Sommer 2019, Fricktal, Kanton Aargau. Dort lebt der Geschädigte mit seiner Ex-Freundin, bis es zu dramatischen Szenen kommt. Als er versucht, sie am Suizid zu hindern, rammt sie ihm stattdessen eine zweite Klinge in die Brust. Das Bezirksgericht Laufenburg warf der Deutschen beim ersten Prozess versuchte vorsätzliche Tötung vor, sie kassierte vier Jahre Haft und einen Landesverweis von fünf Jahren.
Doch die Frau zog das Urteil durch alle Instanzen weiter. Sie beteuert: Es war nur ein Unfall. Jetzt musste sich das Bundesgericht mit dem Fall beschäftigen, wie die «Aargauer Zeitung» berichtet. Und kam zum selben Schluss wie die Vorinstanzen.

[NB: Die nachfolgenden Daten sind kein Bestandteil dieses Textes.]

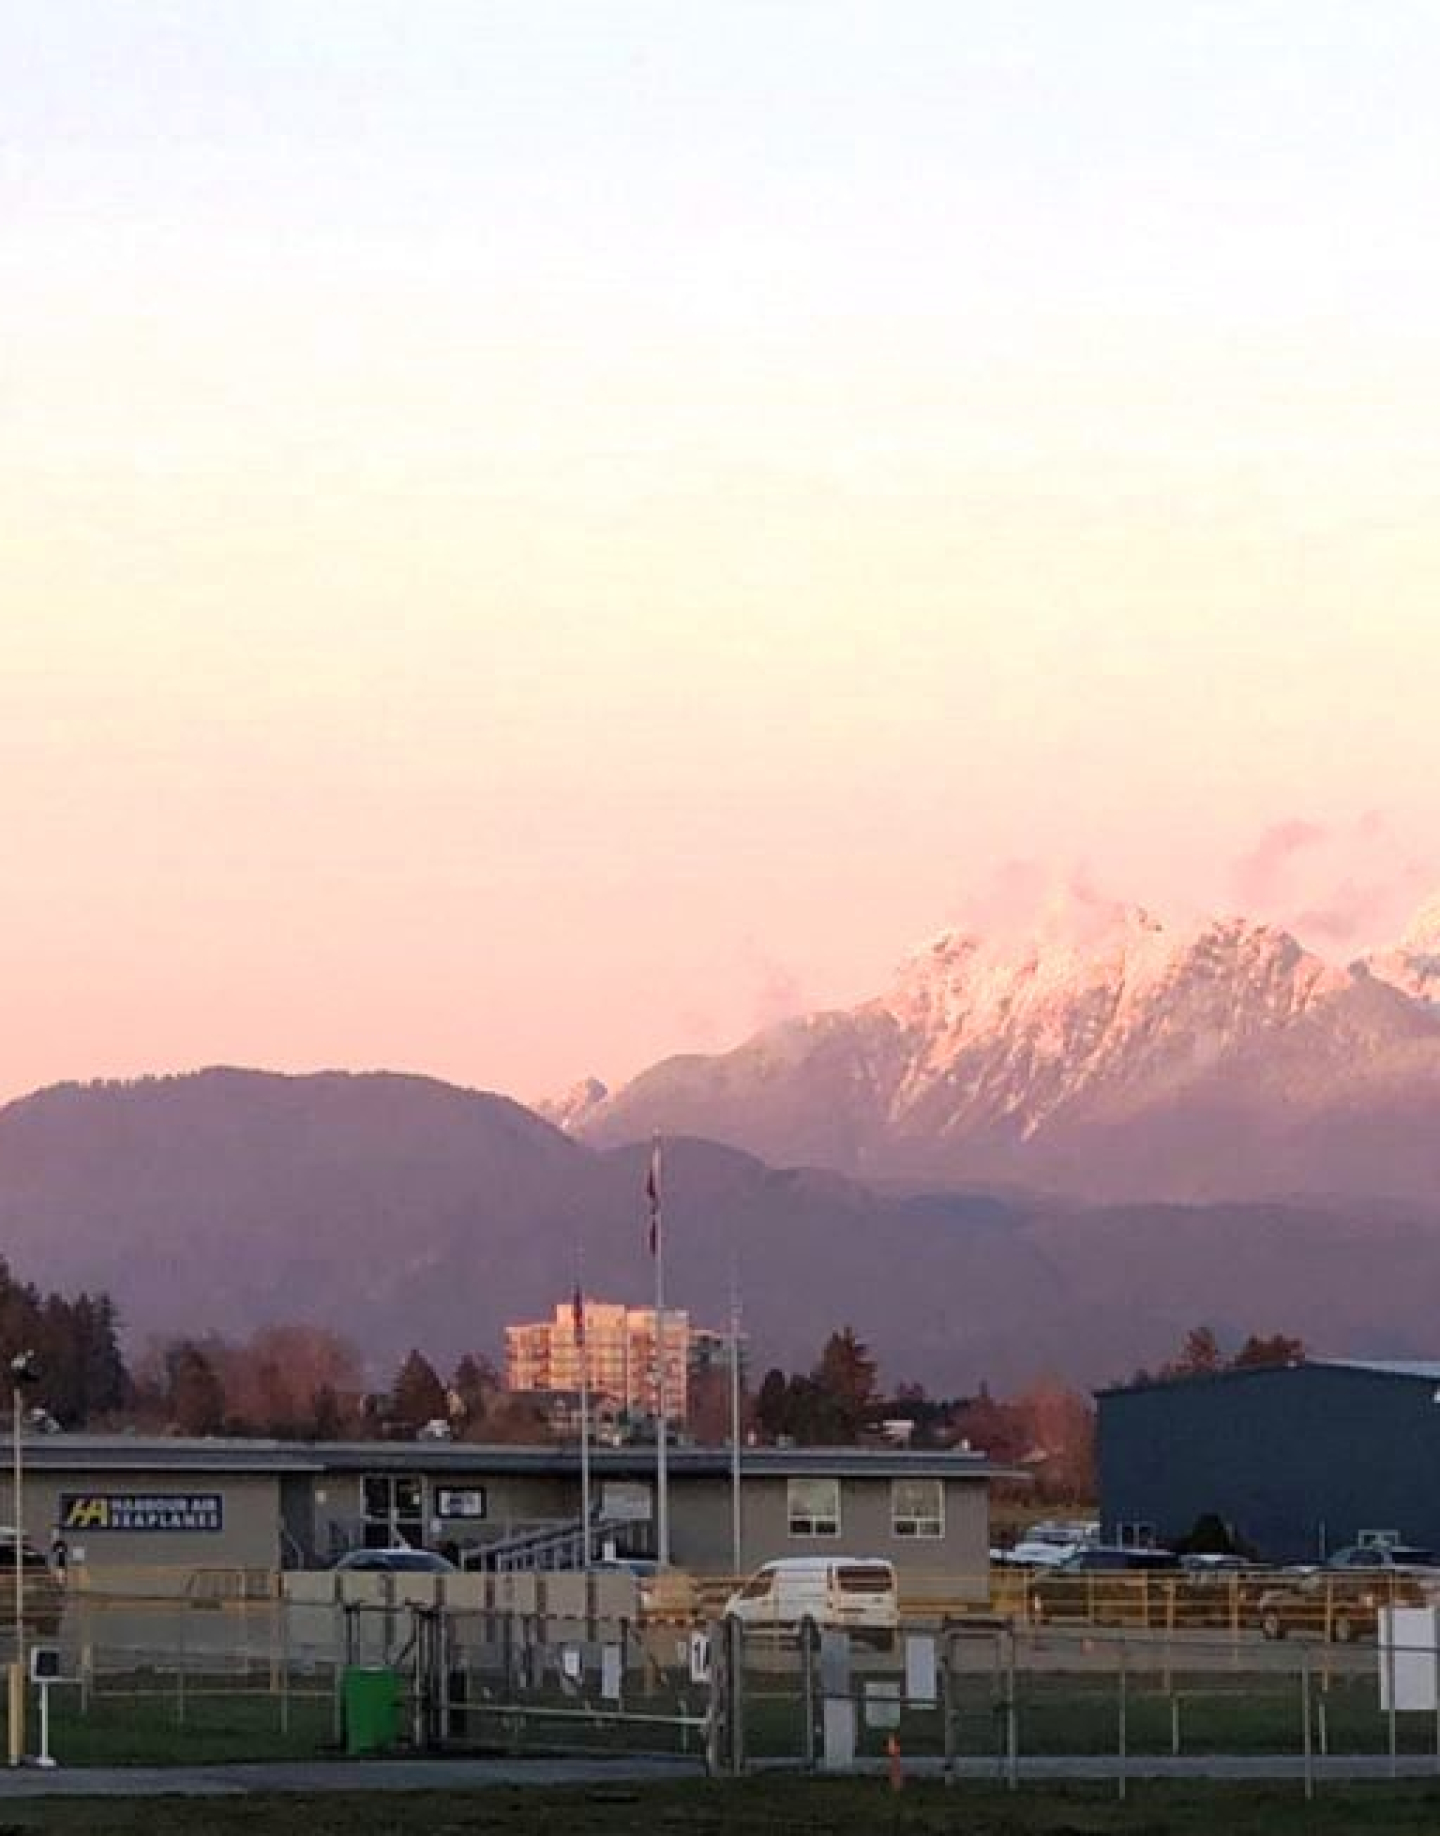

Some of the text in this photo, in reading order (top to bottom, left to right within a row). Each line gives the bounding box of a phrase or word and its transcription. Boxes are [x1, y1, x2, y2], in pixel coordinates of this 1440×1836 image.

[112, 1498, 217, 1511] HARBOUR AIR
[112, 1512, 217, 1527] SEAPLANES

«Alles ausser Kontrolle geraten»
Die Situation damals war extrem: Ein Geräusch in der Küche bringt den Mann dazu, nach unten zu laufen. Dort findet er seine Ex-Freundin am Esstisch – mit einem Messer am Hals, von Schnittwunden übersät. Panisch versucht er, ihr das Messer zu entwenden. Dann passiert es: Sie rammt ihm ein zweites, 19 Zentimeter langes Messer in die Brust. Es grenzt an ein Wunder, dass er die Attacke überlebt.
Die Beschuldigte bleibt bei ihrer Aussage: «Nach seinem Eingriff ist alles ausser Kontrolle geraten.» Die Verletzung sei im Laufe einer dynamischen Auseinandersetzung passiert und daher fehle der entscheidende Vorsatz. Statt für versuchte vorsätzliche Tötung könne man sie nur für versuchte schwere Körperverletzung belangen. Dies würde eine Freiheitsstrafe von 22 Monaten bedeuten.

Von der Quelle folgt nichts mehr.